Jarmo Peltola, Dr, Senior researcher, Tampere University, Faculty of Social Sciences, History
Sakari Saaritsa, University of Helsinki
Henri Mikkola, University of Helsinki

With regular new pandemics, the anatomy of disease outbreaks in urban environments before the era of biomedical responses is a constantly relevant subject. A crucial issue has been the interaction of epidemics with social inequality. E.g. the COVID-19 pandemic of 2020 generated data showing smaller drops in mobility and higher exposure in low-income neighborhoods during lockdowns in cities across the globe, likely due to higher proportions of essential service and production workers. Historical research has so far explored inequality with limited variables like literacy or ethnicity.

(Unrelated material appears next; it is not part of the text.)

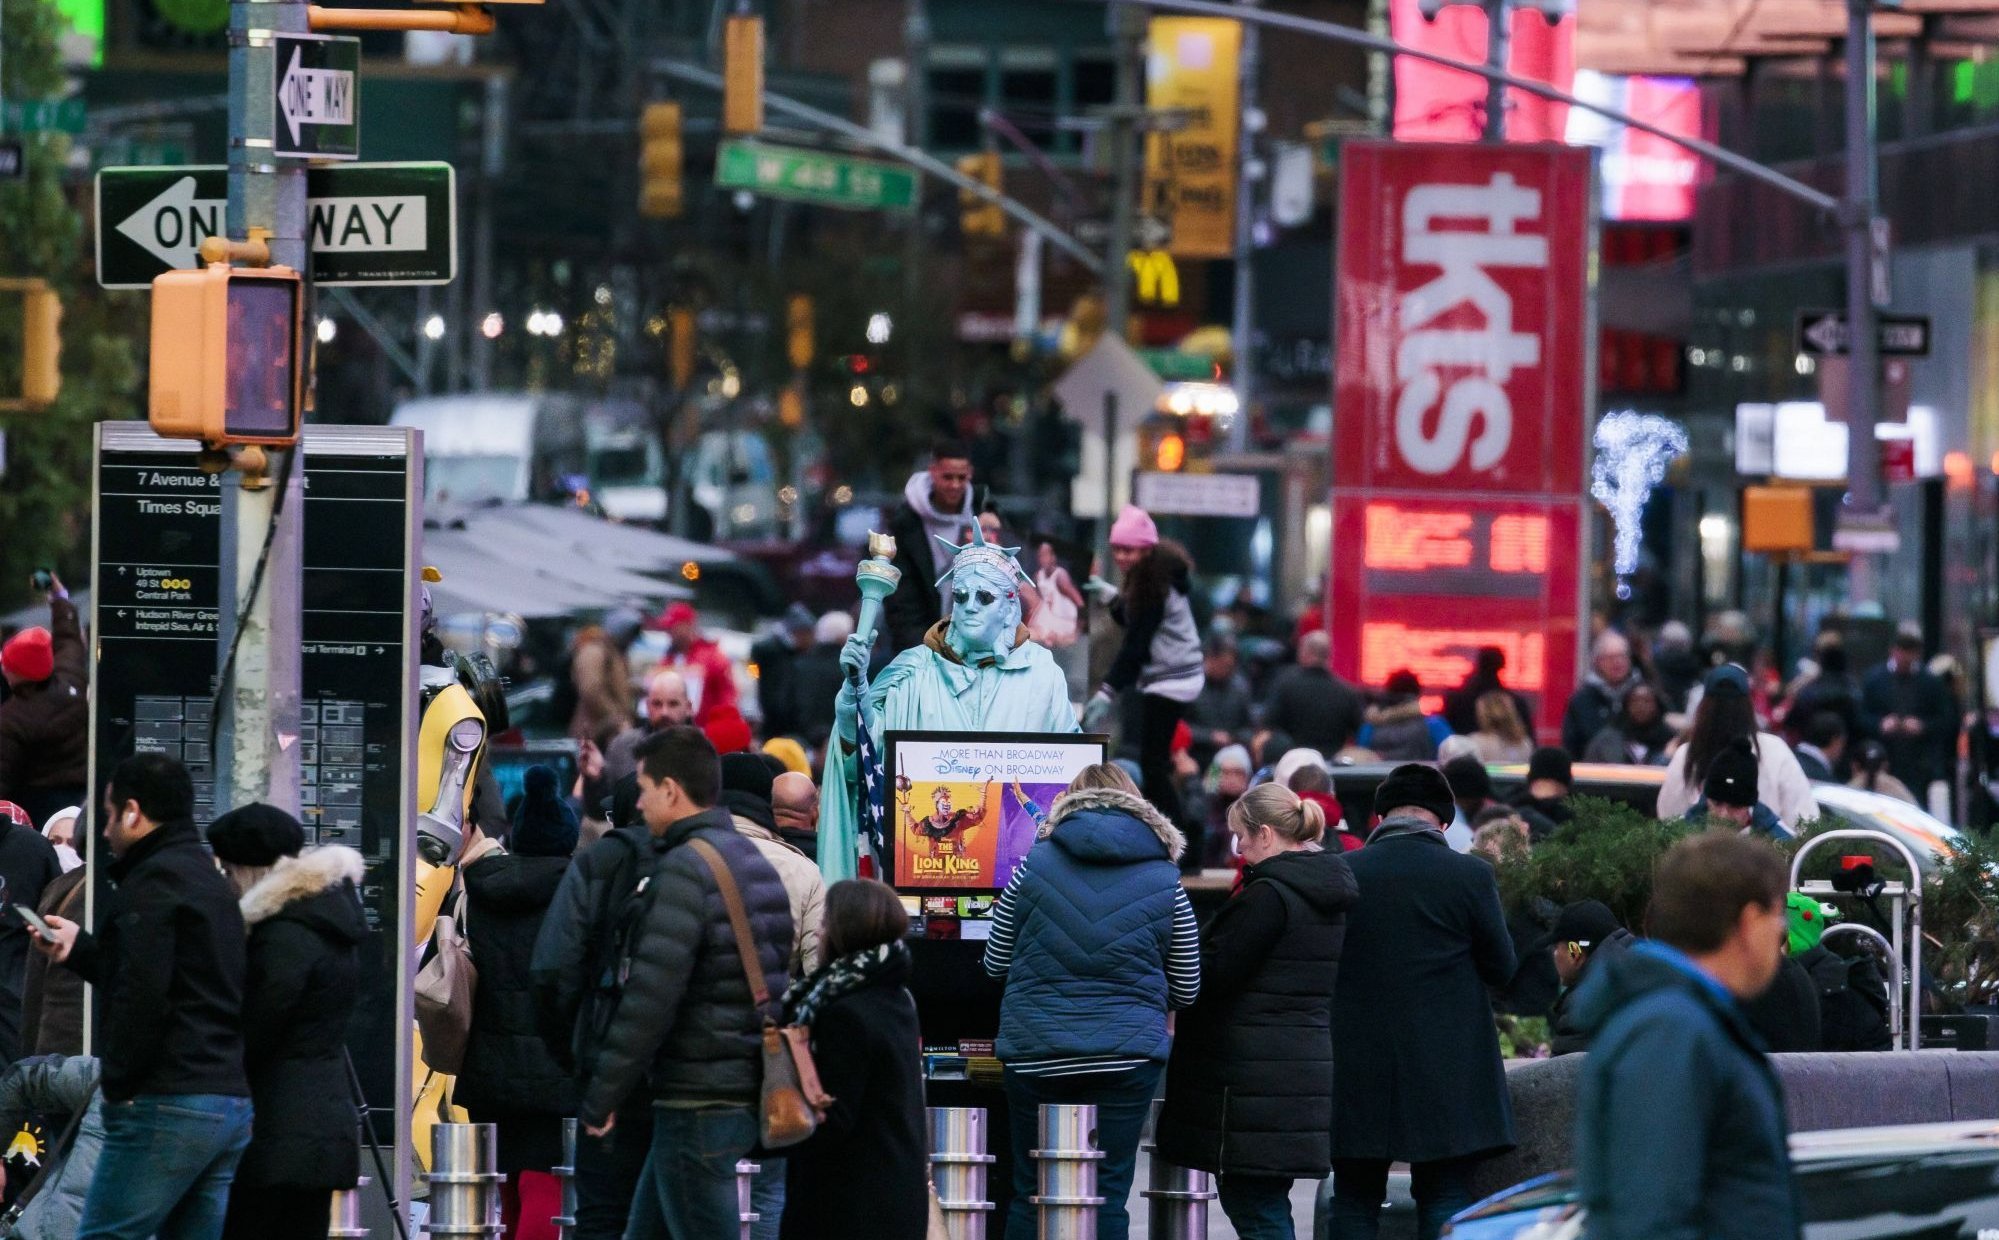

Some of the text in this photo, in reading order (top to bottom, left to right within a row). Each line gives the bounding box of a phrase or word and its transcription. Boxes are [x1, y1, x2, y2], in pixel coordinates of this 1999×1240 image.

We use exceptionally multidimensional data on the characteristics, location, physical habitat and self-reported behavior of eventually infected people during a 1916 typhoid epidemic in a city in Finland to identify determinants of early contagion. Applying survival analysis to c. 3000 cases, we are able to show that health-seeking behavior was directly constrained by physical habitat, even in the context of considerable public health effort. Reported drinking of unboiled water declined over the course of the epidemic, but was always systematically higher among those with shared facilities. There were also persistent neighborhood effects that did not disappear when controlling for a broad range of individual, SES or housing variables, or aggregate indicators like neighborhood tax rates or population density. Physical and environmental structures of inequality therefore dominated individual socioeconomic attributes, undermining the attempt by contemporary authorities to contain the epidemic through restrictions and guidelines on behavior.